● WORK REQUEST: All of the data should be repeated exactly; pictures are not part of the copy.

● TASK INPUT:
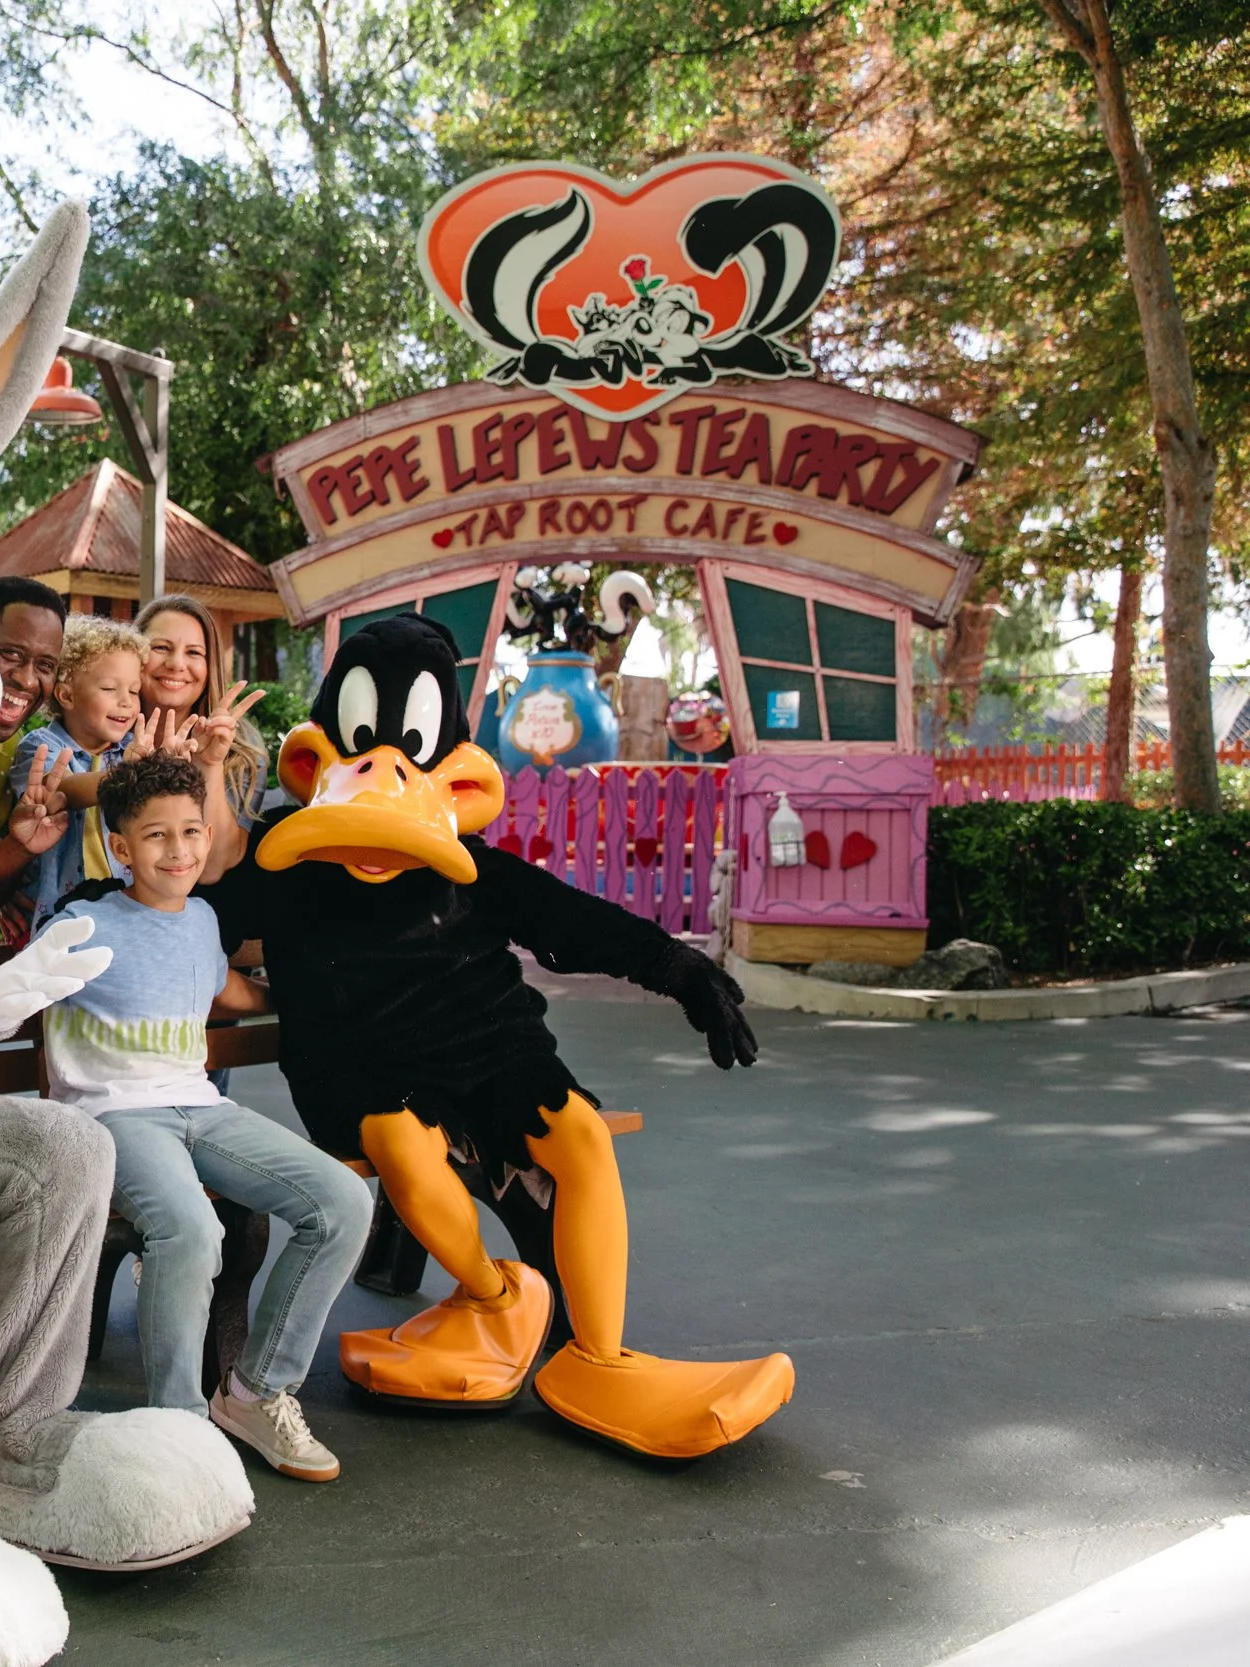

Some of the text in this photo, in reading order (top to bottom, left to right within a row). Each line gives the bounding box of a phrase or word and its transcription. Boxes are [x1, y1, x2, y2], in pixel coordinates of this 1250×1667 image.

[307, 435, 431, 526] PEPE
[668, 404, 773, 485] TEA
[774, 423, 941, 516] PARTY
[454, 494, 770, 547] TAP ROOT CAFE
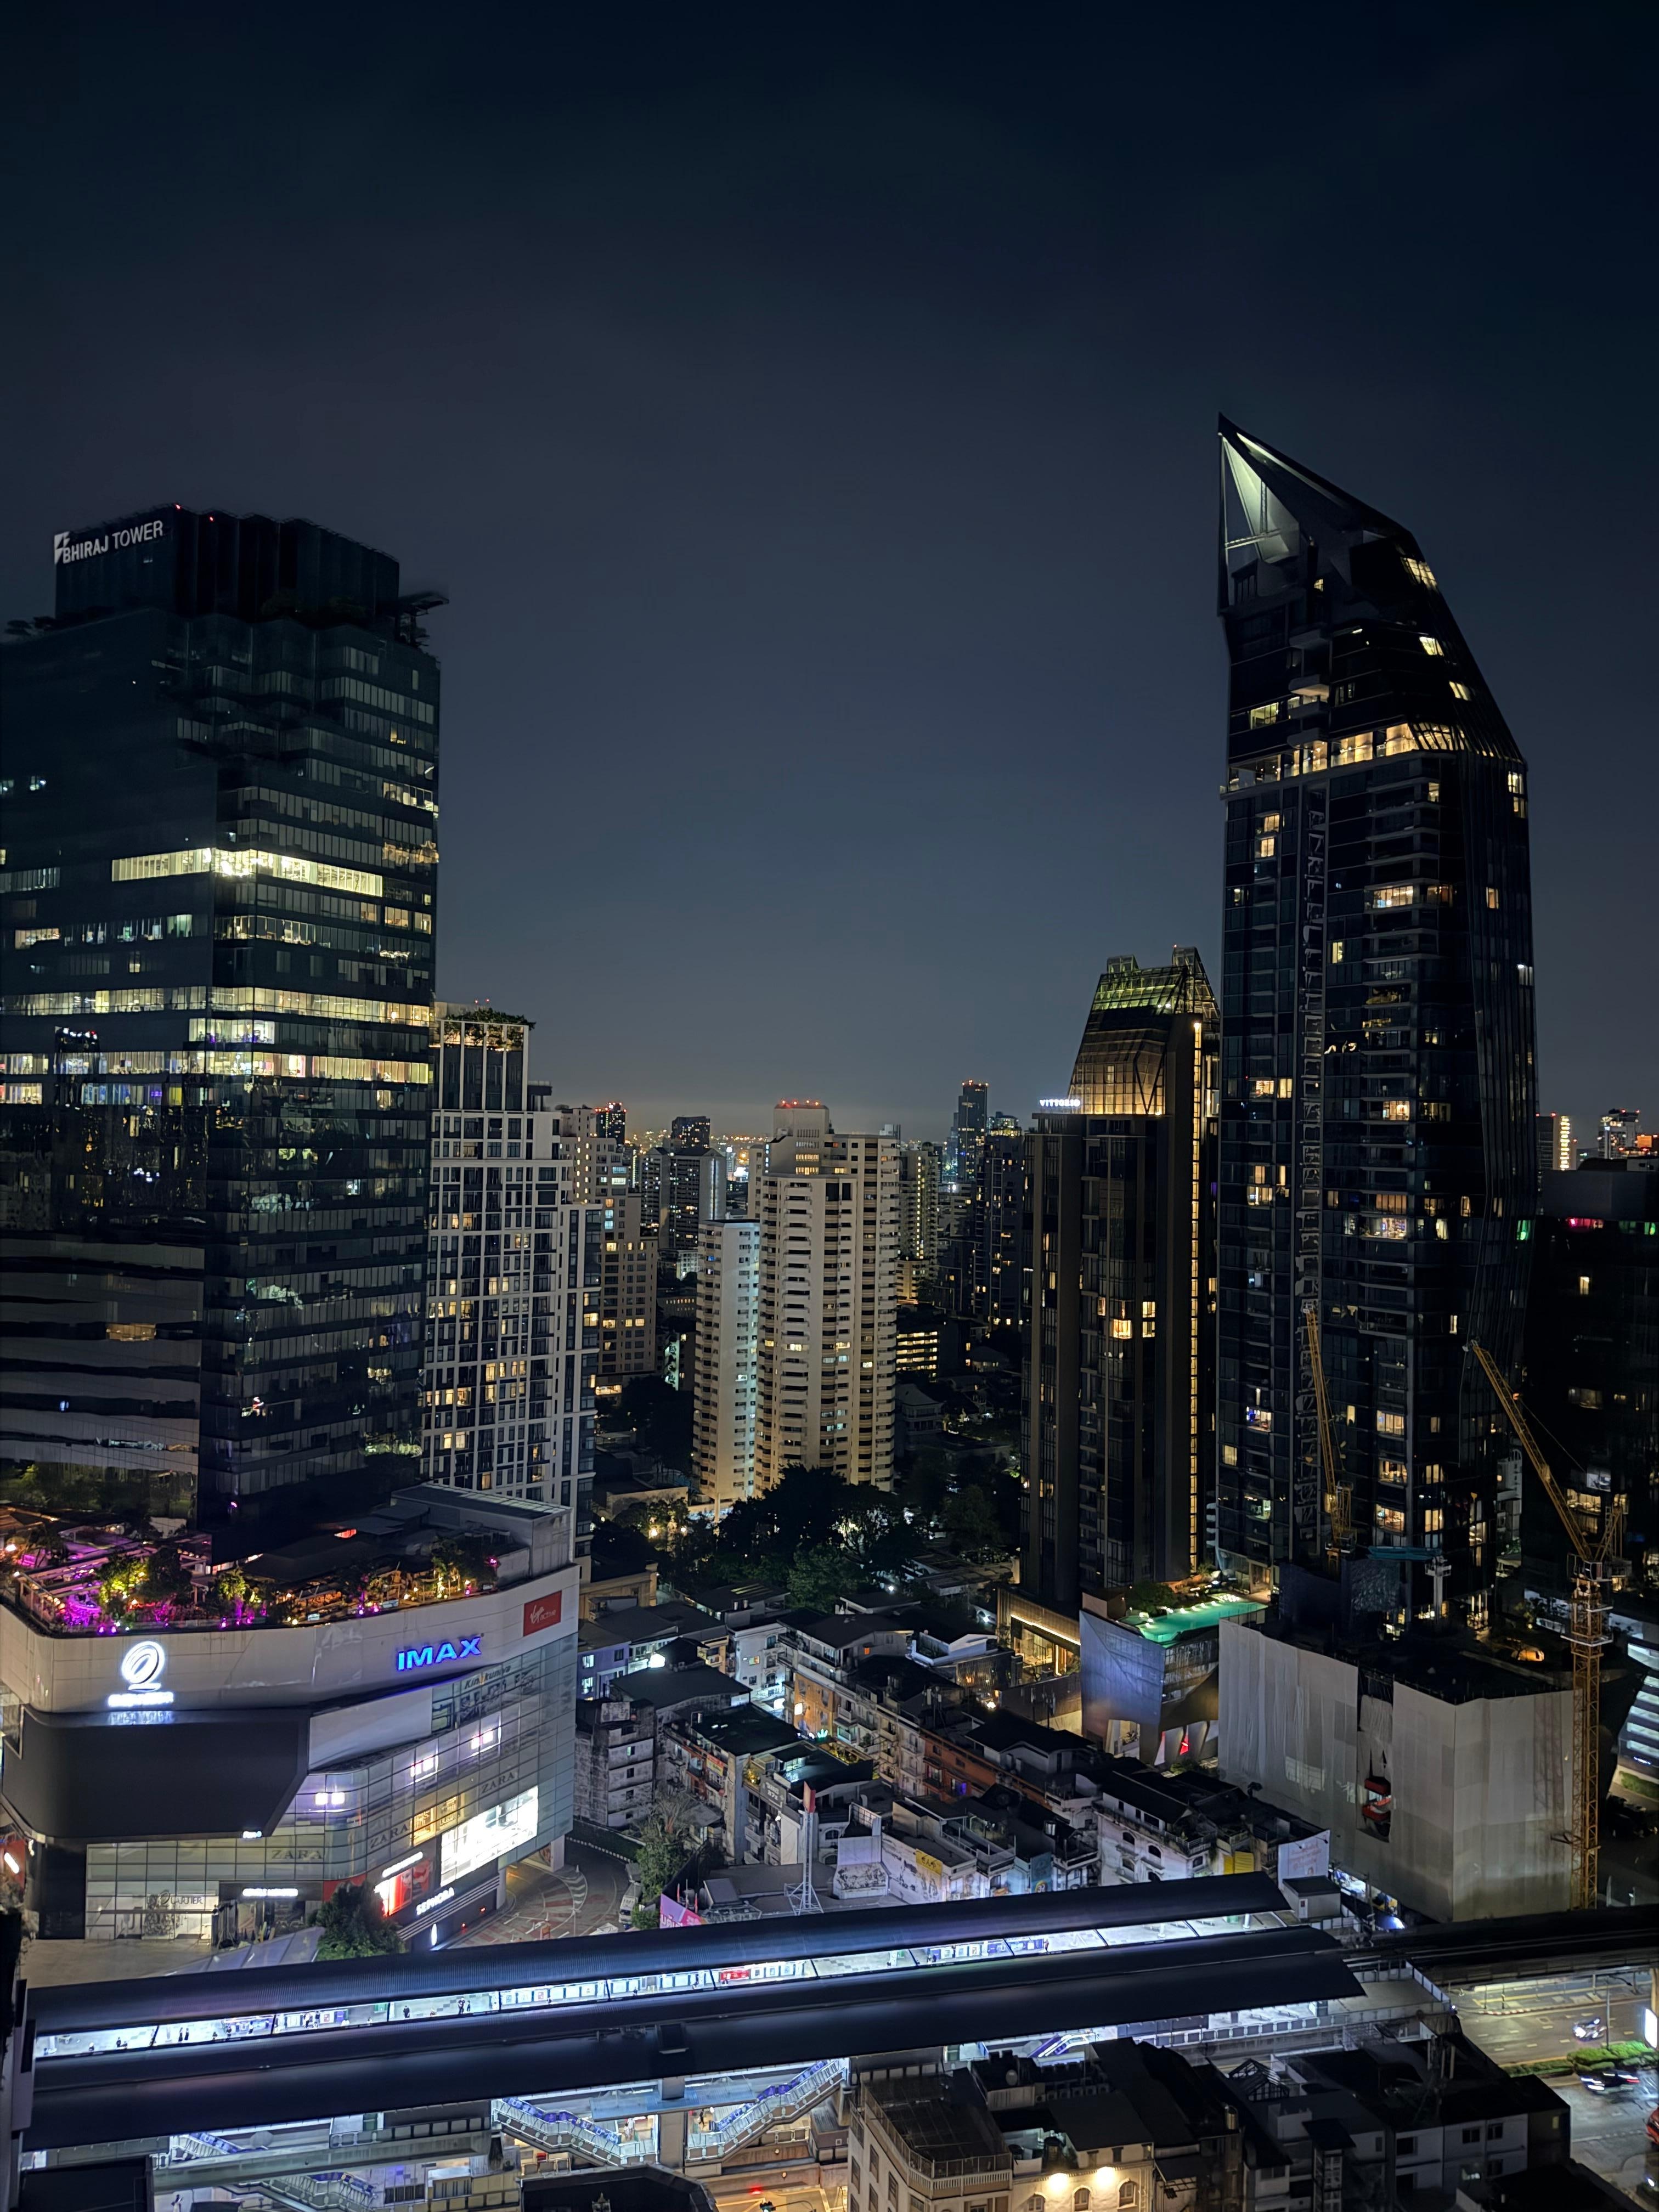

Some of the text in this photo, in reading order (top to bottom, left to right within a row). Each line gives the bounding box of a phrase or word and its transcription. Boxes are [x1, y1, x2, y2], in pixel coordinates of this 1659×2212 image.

[63, 520, 163, 564] BHIRAJ TOWER
[398, 1637, 482, 1671] IMAX
[482, 1772, 514, 1793] ZARA
[370, 1824, 408, 1849] ZARA
[272, 1849, 323, 1859] ZARA
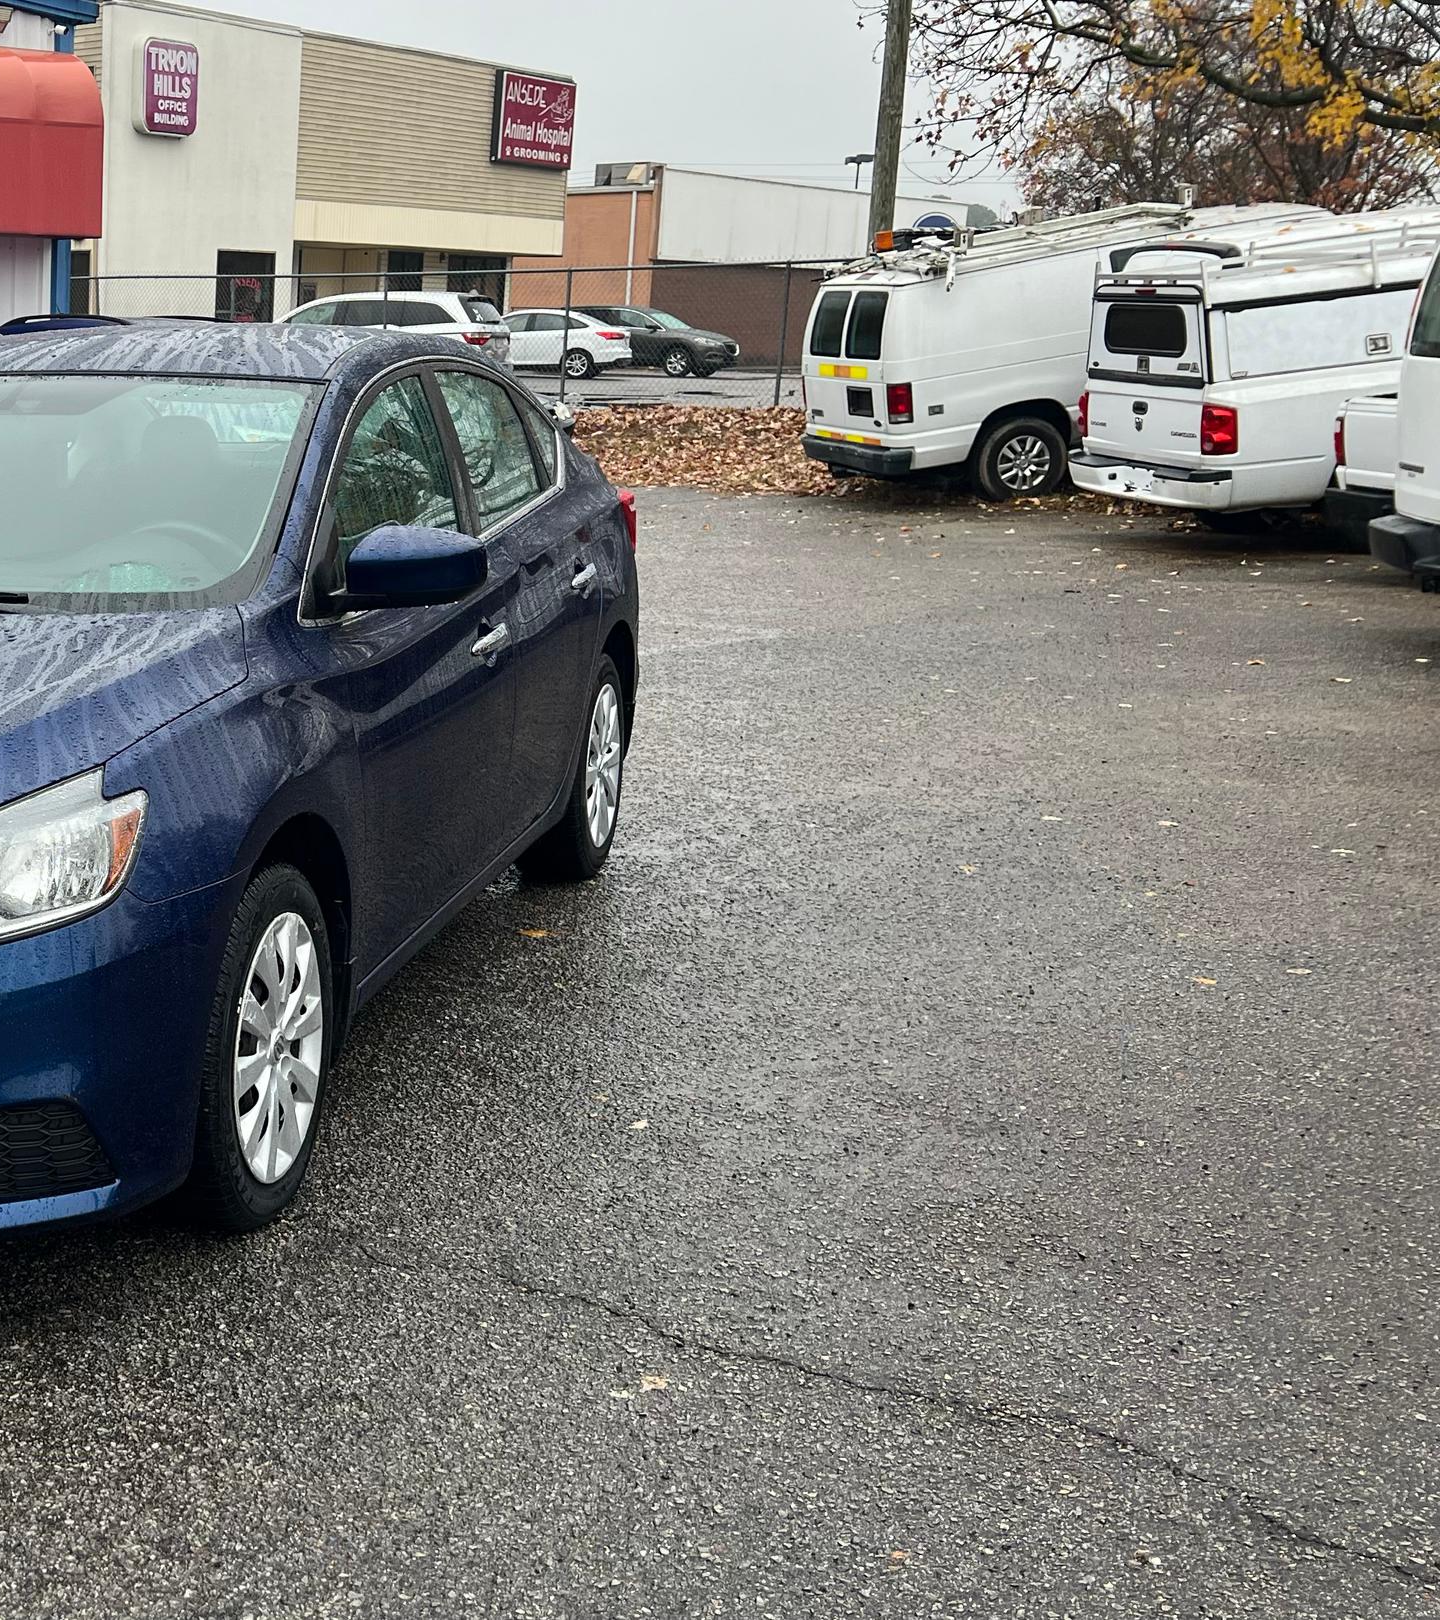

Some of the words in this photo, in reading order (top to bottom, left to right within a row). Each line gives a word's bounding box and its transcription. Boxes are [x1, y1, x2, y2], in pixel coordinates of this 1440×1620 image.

● RESPONSE TO THE EXERCISE:
Some of the text in this photo, in reading order (top to bottom, left to right within a row). Each line gives the bounding box of a phrase or word and its transcription. Boxes are [x1, y1, x2, y2], in pixel coordinates of this 1250×1667 image.

[307, 435, 431, 526] PEPE
[668, 404, 773, 485] TEA
[774, 423, 941, 516] PARTY
[454, 494, 770, 547] TAP ROOT CAFE

Some of the text in this photo, in reading order (top to bottom, left to right within a row). Each line gives the bounding box of a phrase or word and its transcription. Boxes are [x1, y1, x2, y2], in pixel coordinates of this 1659×2212 image.

[63, 520, 163, 564] BHIRAJ TOWER
[398, 1637, 482, 1671] IMAX
[482, 1772, 514, 1793] ZARA
[370, 1824, 408, 1849] ZARA
[272, 1849, 323, 1859] ZARA

Some of the words in this photo, in reading order (top to bottom, left to right within a row). Each line gives a word's bounding box and its transcription. Boxes are [x1, y1, x2, y2], in pixel coordinates of this 1440×1620 image.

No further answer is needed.